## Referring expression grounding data
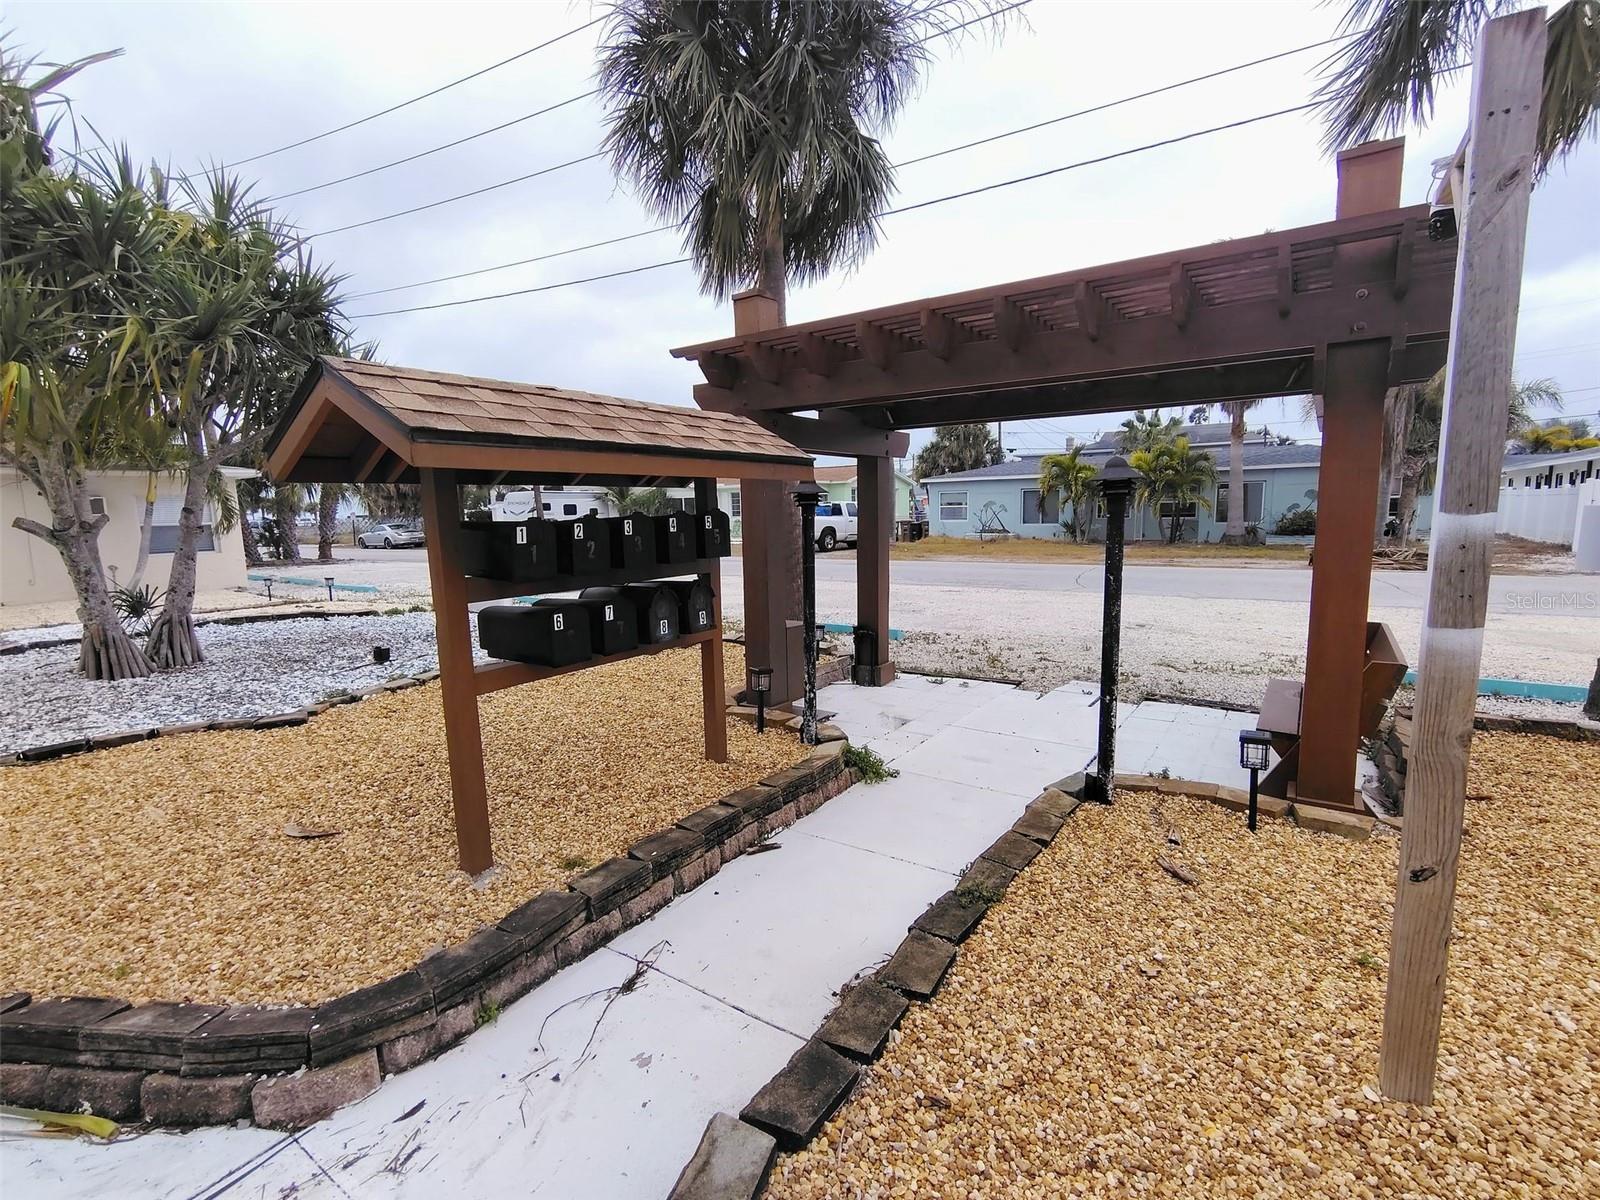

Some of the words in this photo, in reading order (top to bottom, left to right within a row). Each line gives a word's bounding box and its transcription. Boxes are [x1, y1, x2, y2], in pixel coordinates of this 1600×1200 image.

[625, 521, 632, 534] 3
[669, 519, 676, 532] 4
[705, 517, 711, 529] 5
[575, 524, 583, 538] 2
[713, 528, 720, 544] 5
[586, 541, 595, 558] 2
[634, 535, 642, 552] 3
[606, 606, 613, 620] 7
[699, 611, 706, 624] 9
[555, 615, 562, 630] 6
[661, 620, 667, 633] 8
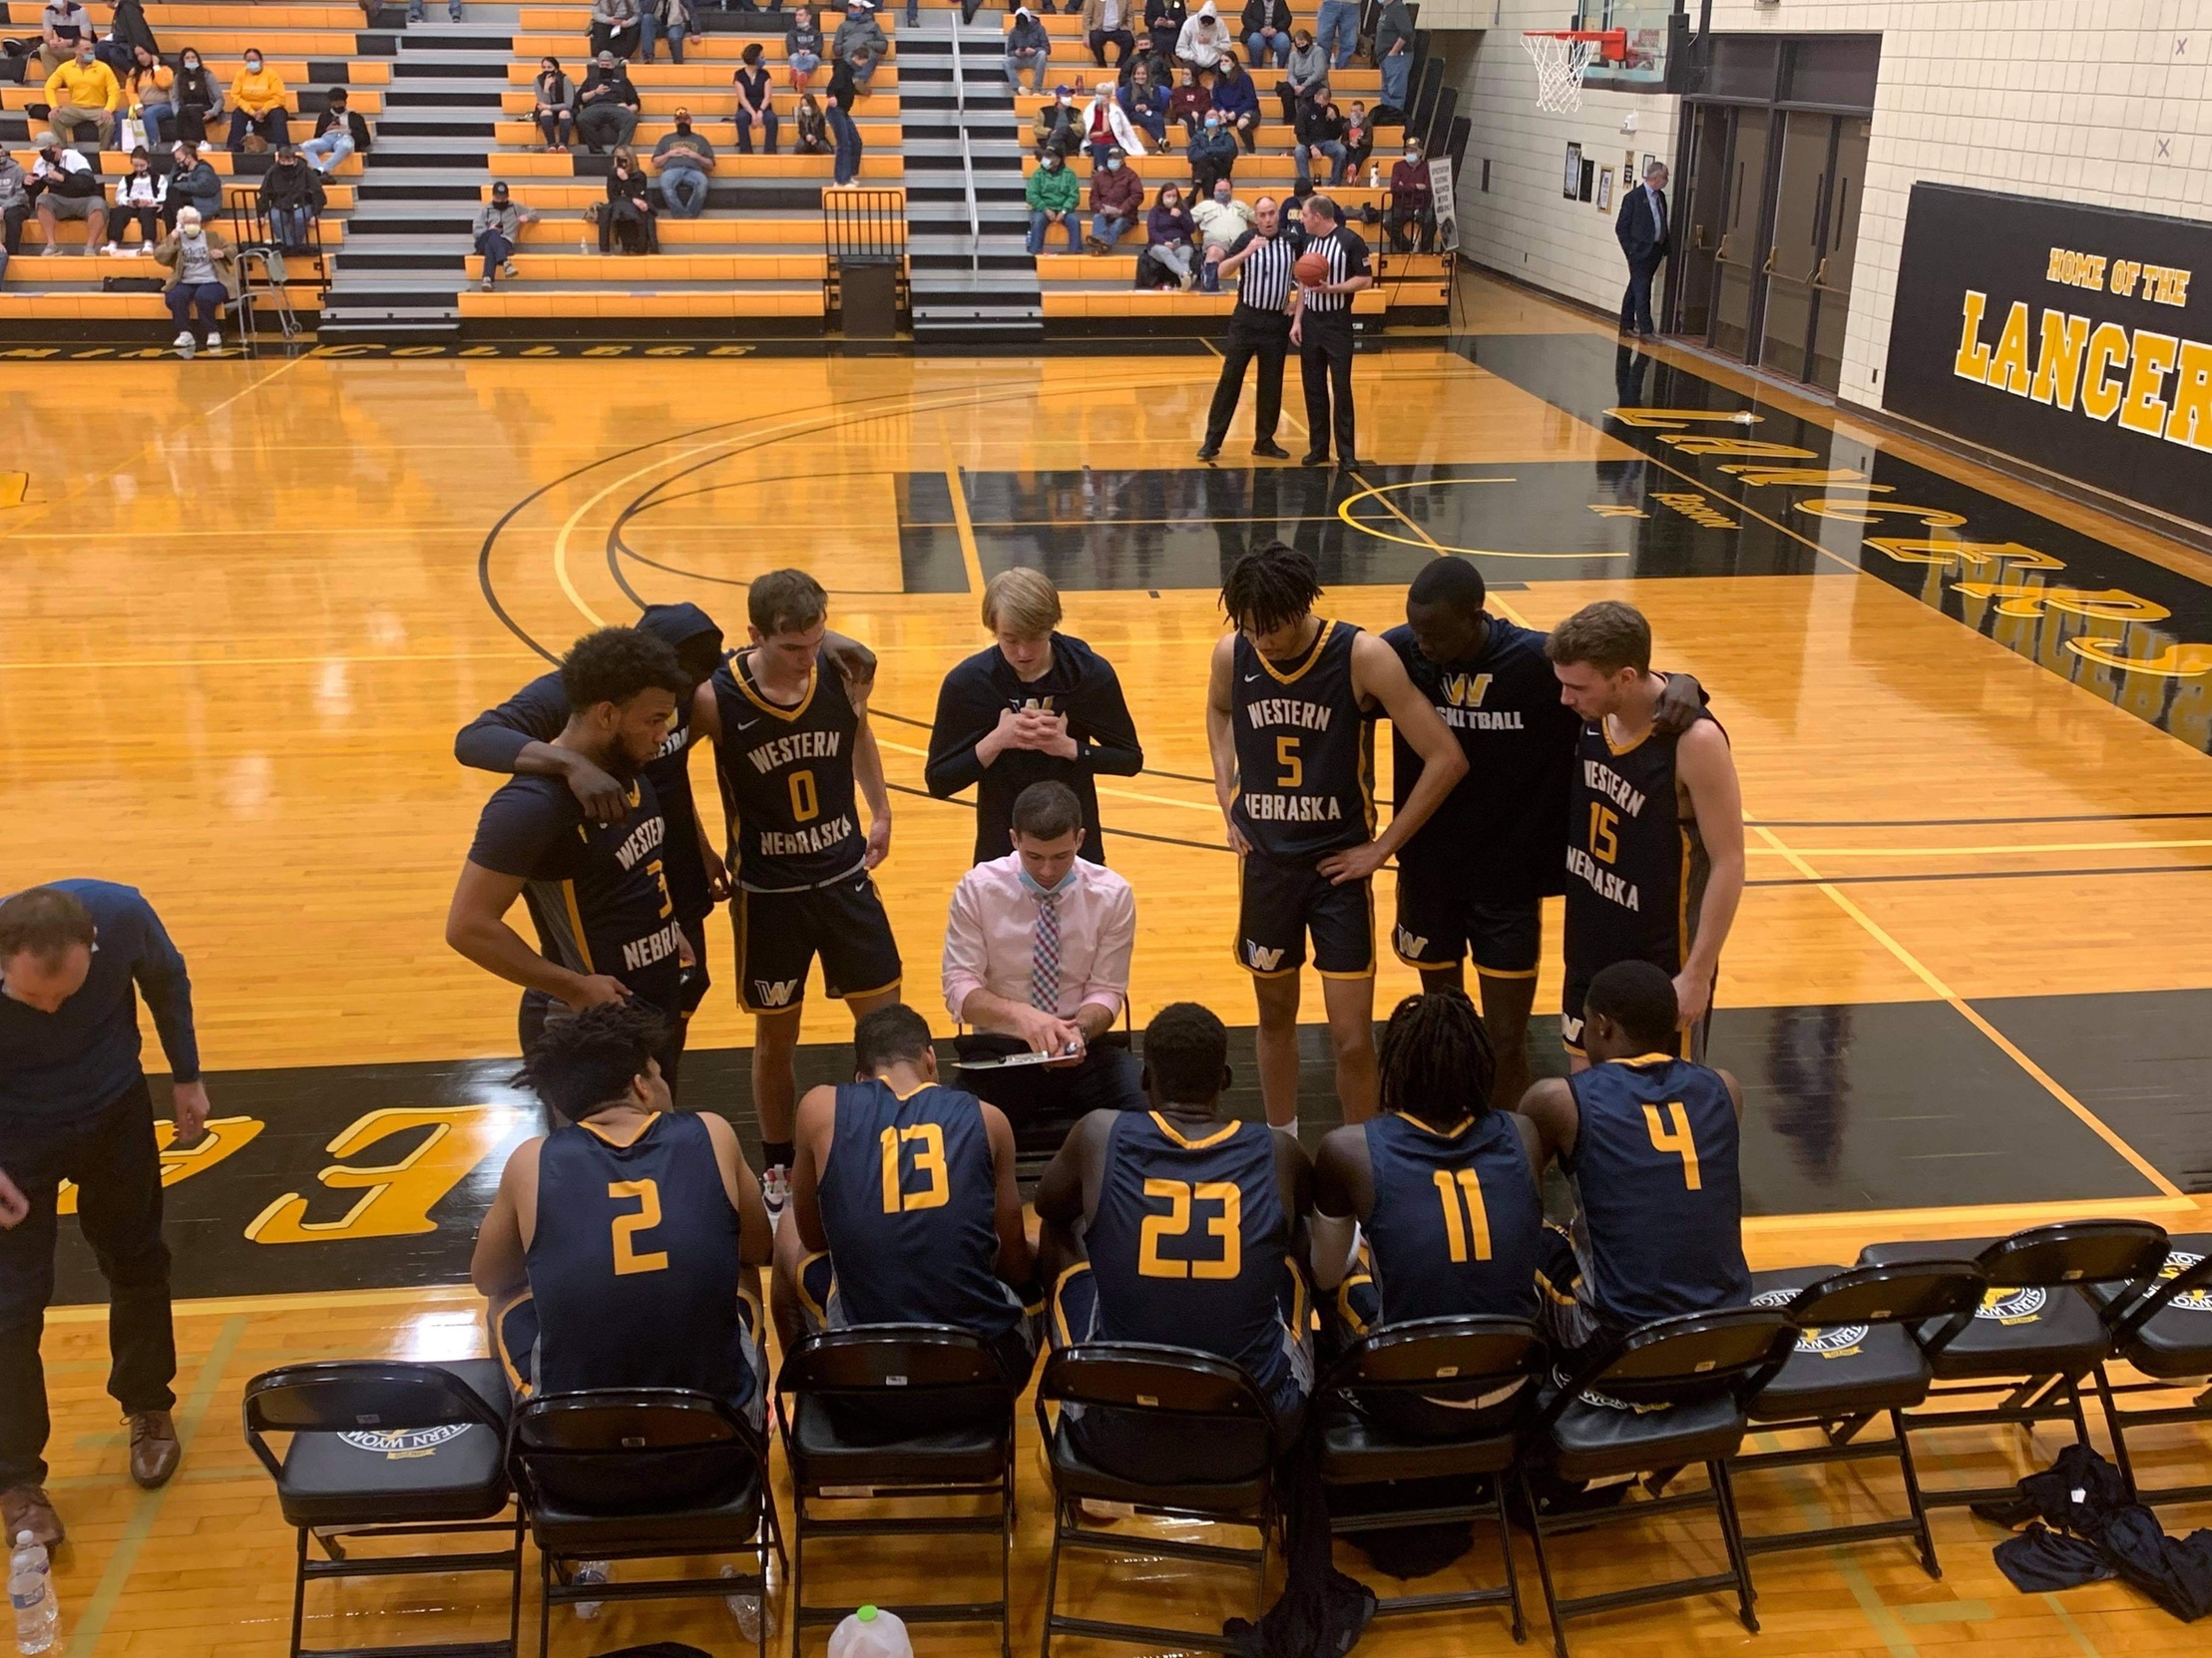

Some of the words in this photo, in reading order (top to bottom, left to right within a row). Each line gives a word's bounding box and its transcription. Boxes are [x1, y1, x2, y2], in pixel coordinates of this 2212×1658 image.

[2046, 247, 2107, 291] HOME
[2110, 259, 2141, 296] OF
[2142, 264, 2191, 307] THE
[313, 343, 756, 359] COLLEGE
[1954, 289, 2212, 454] LANCER
[1602, 407, 2212, 677] LANCERS
[1247, 699, 1331, 732] WESTERN
[747, 731, 840, 774] WESTERN
[1276, 736, 1303, 787] 5
[788, 769, 819, 822] 0
[1583, 759, 1646, 818] WESTERN
[615, 816, 665, 871] WESTER
[761, 814, 852, 856] NEBRASKA
[1589, 801, 1619, 865] 15
[646, 859, 672, 919] 3
[1566, 845, 1639, 913] NEBRASKA
[879, 1122, 950, 1214] 13
[1641, 1101, 1701, 1190] 4
[608, 1178, 668, 1276] 2
[1138, 1178, 1241, 1280] 23
[1433, 1168, 1493, 1262] 11
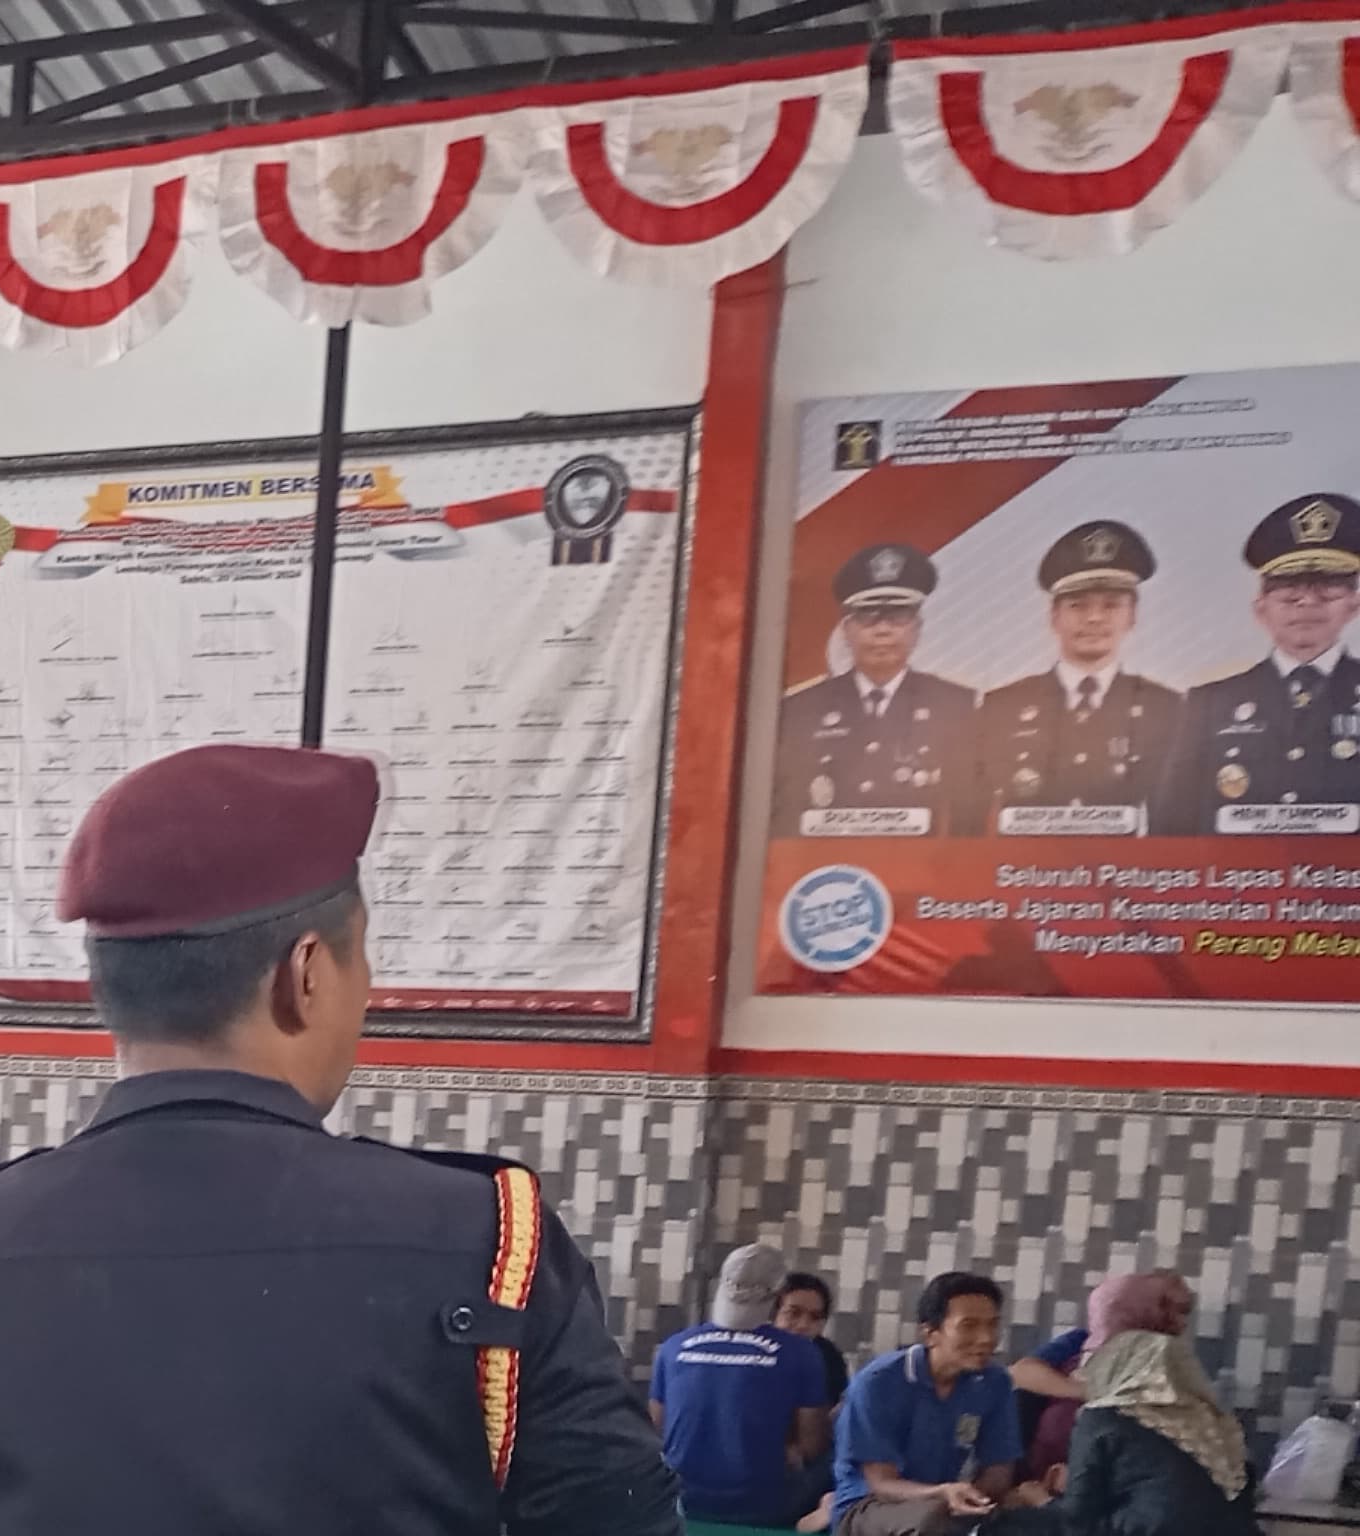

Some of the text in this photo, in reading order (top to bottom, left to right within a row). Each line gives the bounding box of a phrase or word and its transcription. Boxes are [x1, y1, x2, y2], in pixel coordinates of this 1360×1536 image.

[127, 471, 377, 503] KOMITMEN BERSMA
[995, 864, 1092, 888] Seluruh
[1096, 864, 1201, 893] Petugas
[1205, 865, 1285, 893] Lapas
[916, 897, 1009, 920] Beserta
[1012, 899, 1104, 923] Jajaran
[1109, 898, 1271, 921] Kementerian
[1034, 930, 1185, 959] Menyatakan
[1194, 930, 1287, 962] Perang

## TASK DETAILS
Give the records again exactly, minus the pictures.

## RESPONSE
Some of the words in this photo, in reading order (top to bottom, left to right within a row). Each line gives a word's bounding box and its transcription. Boxes are [x1, y1, x2, y2], in pixel coordinates of this 1600×1200 image.

[625, 521, 632, 534] 3
[669, 519, 676, 532] 4
[705, 517, 711, 529] 5
[575, 524, 583, 538] 2
[713, 528, 720, 544] 5
[586, 541, 595, 558] 2
[634, 535, 642, 552] 3
[606, 606, 613, 620] 7
[699, 611, 706, 624] 9
[555, 615, 562, 630] 6
[661, 620, 667, 633] 8

Some of the words in this photo, in reading order (top to bottom, left to right within a row). Each line gives a word's bounding box and its transcription. Boxes are [x1, y1, x2, y2], in pixel coordinates of this 2212×1658 image.

[2046, 247, 2107, 291] HOME
[2110, 259, 2141, 296] OF
[2142, 264, 2191, 307] THE
[313, 343, 756, 359] COLLEGE
[1954, 289, 2212, 454] LANCER
[1602, 407, 2212, 677] LANCERS
[1247, 699, 1331, 732] WESTERN
[747, 731, 840, 774] WESTERN
[1276, 736, 1303, 787] 5
[788, 769, 819, 822] 0
[1583, 759, 1646, 818] WESTERN
[615, 816, 665, 871] WESTER
[761, 814, 852, 856] NEBRASKA
[1589, 801, 1619, 865] 15
[646, 859, 672, 919] 3
[1566, 845, 1639, 913] NEBRASKA
[879, 1122, 950, 1214] 13
[1641, 1101, 1701, 1190] 4
[608, 1178, 668, 1276] 2
[1138, 1178, 1241, 1280] 23
[1433, 1168, 1493, 1262] 11

Some of the text in this photo, in reading order (top to bottom, left to right within a row). Each line gives the bounding box of a phrase or word and its transcription. Boxes are [x1, y1, x2, y2], in pixel coordinates of this 1360×1536 image.

[127, 471, 377, 503] KOMITMEN BERSMA
[995, 864, 1092, 888] Seluruh
[1096, 864, 1201, 893] Petugas
[1205, 865, 1285, 893] Lapas
[916, 897, 1009, 920] Beserta
[1012, 899, 1104, 923] Jajaran
[1109, 898, 1271, 921] Kementerian
[1034, 930, 1185, 959] Menyatakan
[1194, 930, 1287, 962] Perang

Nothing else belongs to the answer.